Summary and Contributions: 1. This paper proposes an efficient coding formulation with adaptation to changing world with the following three ingredients in a 1D parameter (the sufficient statistics of stimulus) and a 1D stimulus space: * objective function (as a function of Fisher information) the code aims to optimize * constraints (like firing rate) on neural activities * stimulus distribution 2. The authors propose an experimental paradigm that can identify constraints on neural codes, regardless of the objective function, using a fixed-point iterative closed loop experiment, which might be used to evaluate animal's efficient coding constraints in certain adaptation settings.
Strengths: This is an interesting paper that links multiple important ideas in a tractable 1D model framework. It is appealing to test the brain's efficient coding strategy while the neural codes adapts a changing stimulus. This paper offers a simple yet clean way to generalize and formulate the brain's optimization algorithm by decomposing the adaptation part into the change of sufficient statistics p(theta|s) while keeping the encoding model p(r|theta) unchanged. An experiment is conceptually proposed to identify if a resource constraint exists experimentally. Such a prediction is of great importance for experimental validation of the theory.
Weaknesses: This is a hard paper to read. The authors should spend more time justifying and explaining some of their claims. I found the parts related to the flat Fisher space particularly obsure, which seems to be a critical aspect of the paper. The fixed point discussion could also be substantially improved. Within the scope of this paper, it's unclear if the optimization objective function is identifiable experimentally, although they do show that a deviation from a log is testable. Consequently, when the metabolic constraint is tested to be present (non-flat p(\hat(\theta))), it's hard to quantify the deviation since it will depend on the objective function form. No discussion for how the adaptation could be potentially implemented in the brain and predictable by this work.

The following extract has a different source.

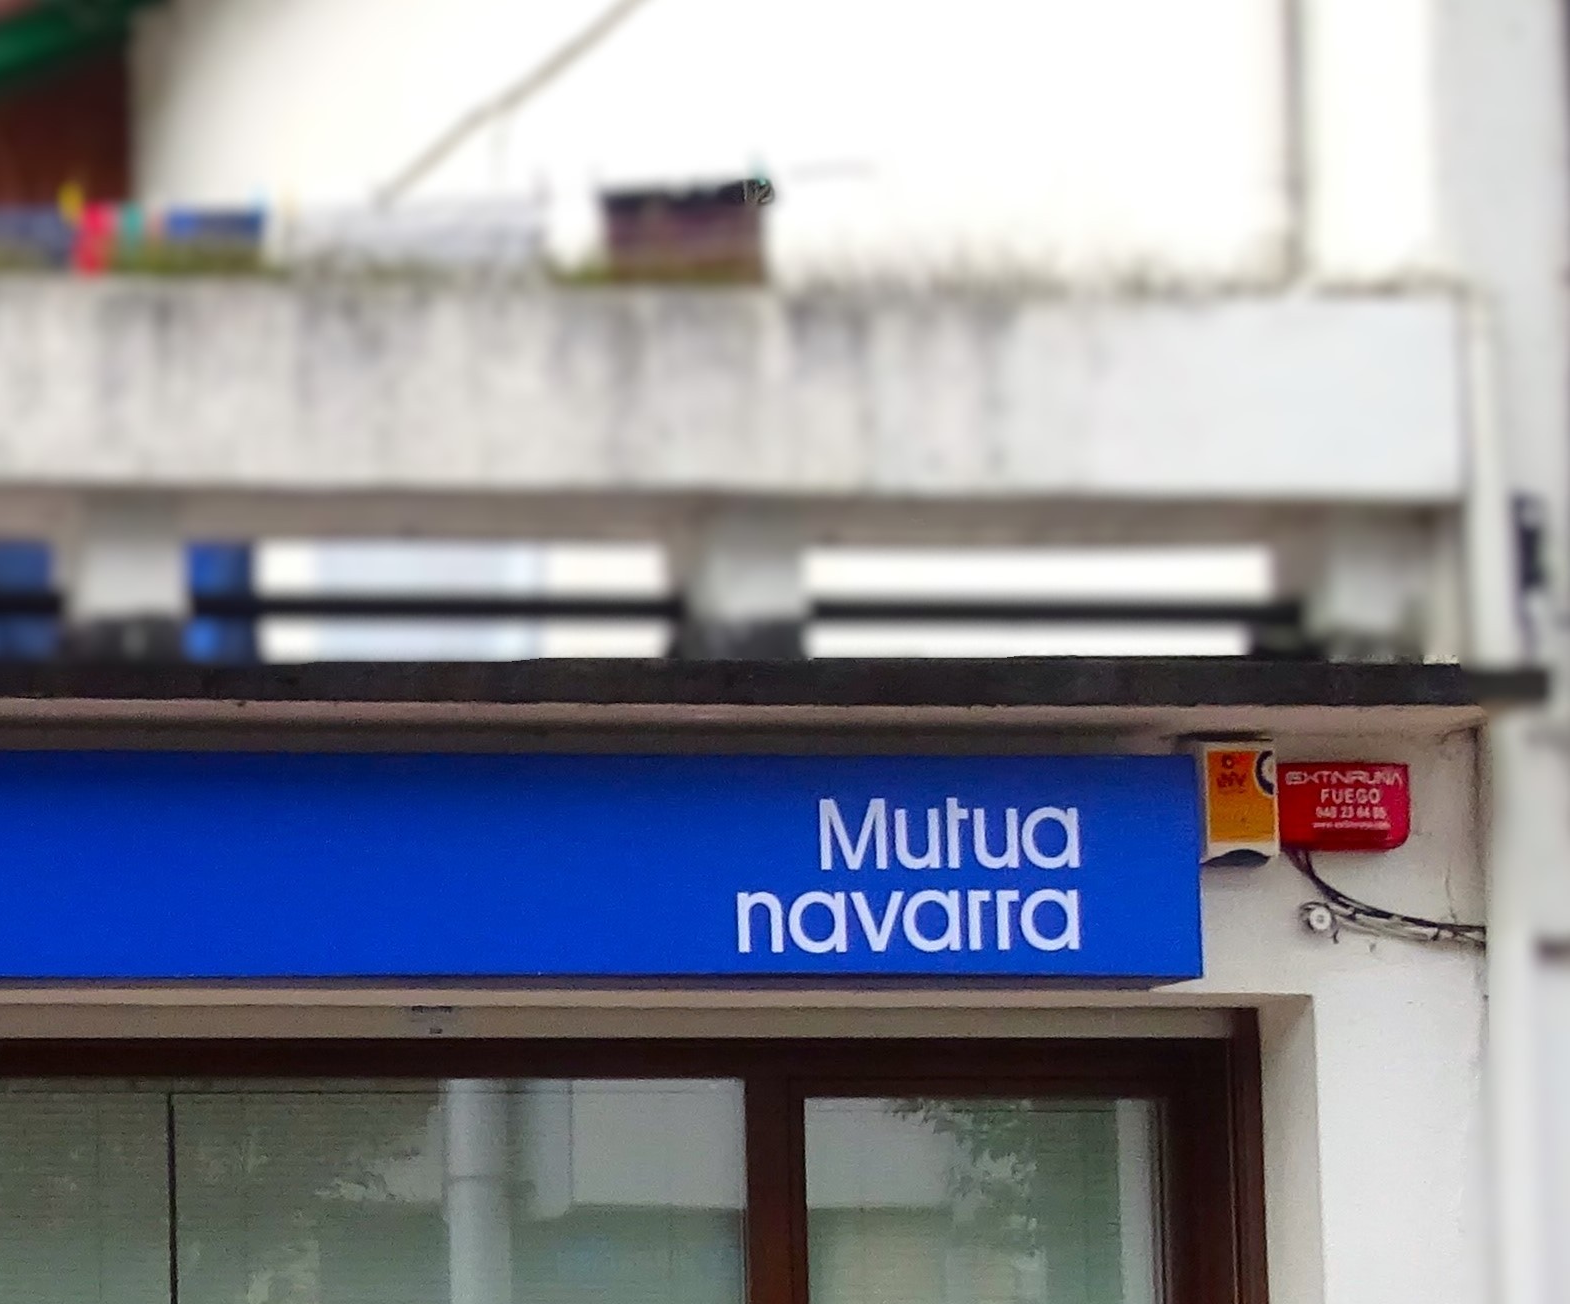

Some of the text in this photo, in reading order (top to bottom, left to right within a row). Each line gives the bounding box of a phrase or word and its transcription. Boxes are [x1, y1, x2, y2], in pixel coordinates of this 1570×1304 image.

[1320, 788, 1381, 804] FUEGO
[818, 797, 1081, 870] Mutua
[737, 888, 1081, 954] navarra

Correctness: The derivations are clear. Basic assumptions are reasonable in the 1D case. Minor: [1] refers to Histogram Equalization, not Histogram Equilibration
Clarity: The section on information geometry needs more exposition and the flat Fisher space. It was unclear why the authors could move to the flat Fisher space by changing variables, and whether the reparameterization by \hat{\theta} was equivalent to altering the tuning of theta(s). L65: one-dimensional *manifold*, not subspace. Since theta is monotonically related to s, s will already be a sufficient statistic if theta is. Relatedly, this parameterization makes Fisher Info independent of noise, but why is the right one? \hat{\theta} not just a reparameterization of theta, but is also a reparameterization of s — and that was the original point of the optimization. **Update after rebuttal I thank the authors for their clarifications. I have decided to increase the score from 6 to 7.
Relation to Prior Work: Adequate. Mainly discussed in Section 1 and Section 2.1.
Reproducibility: Yes
Additional Feedback: It would be helpful to hold the reader's hand and provide more intuitions. These findings seem interesting but it is difficult for me to piece them together as is.